All of us are susceptible to the temptations of the modern world. Pleasure, pride, and power, are the weaknesses of the the human race and the devil takes every opportunity to exploit them. Among those blessed with artistic ability, the devil has had resounding success.

During the Renaissance and the Enlightenment the view of the artist and his art began to change. The focus shifted from the creation to the creator. Artists entered the Renaissance as workers and laborers and emerged as demigods, lauded by popular society. No more was their work attached to any sense of service to something greater, following the Enlightenment artists were told all that mattered was their individual vision and self-expression.

And to bolster this modern outlook, just enough artists "made it," that is, became rich and successful in the eyes of the world, to encourage young and promising creatives to indulge themselves by traveling the down the same road.

The great message running through the letter of St. John Paul II, is to remind artists of the uniqueness of their gifts and the responsibility that comes with those gifts. Recognizing that all of our gifts come from God and are given to us for a purpose, is crucial.

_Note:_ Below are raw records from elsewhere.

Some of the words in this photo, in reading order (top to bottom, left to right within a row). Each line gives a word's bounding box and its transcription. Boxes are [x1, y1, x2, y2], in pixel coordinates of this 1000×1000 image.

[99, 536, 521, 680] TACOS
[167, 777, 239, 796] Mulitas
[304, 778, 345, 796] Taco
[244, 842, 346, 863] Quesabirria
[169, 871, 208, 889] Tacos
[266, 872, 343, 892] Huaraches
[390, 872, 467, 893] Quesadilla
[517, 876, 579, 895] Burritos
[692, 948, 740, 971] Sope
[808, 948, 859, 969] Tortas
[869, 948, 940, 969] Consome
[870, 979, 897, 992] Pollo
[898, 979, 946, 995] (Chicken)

"That is why artists, the more conscious they are of their “gift”, are led all the more to see themselves and the whole of creation with eyes able to contemplate and give thanks, and to raise to God a hymn of praise. This is the only way for them to come to a full understanding of themselves, their vocation and their mission."

This particular divine gift is a spark of the creative power of God. It has been said that all of creation is meant to teach us about God. If the artist shares in this creative power, as a sub-creator, should his work not likewise teach us about God? The Letter makes this case by pointing out that the vocation of the artist is Beauty. Beauty is a property of being, a transcendental. It is part of everything that is. Beauty teaches us about God every bit as much as does the Good and the True. As a vocation then, it is incumbent upon the artist to develop his skills and abilities.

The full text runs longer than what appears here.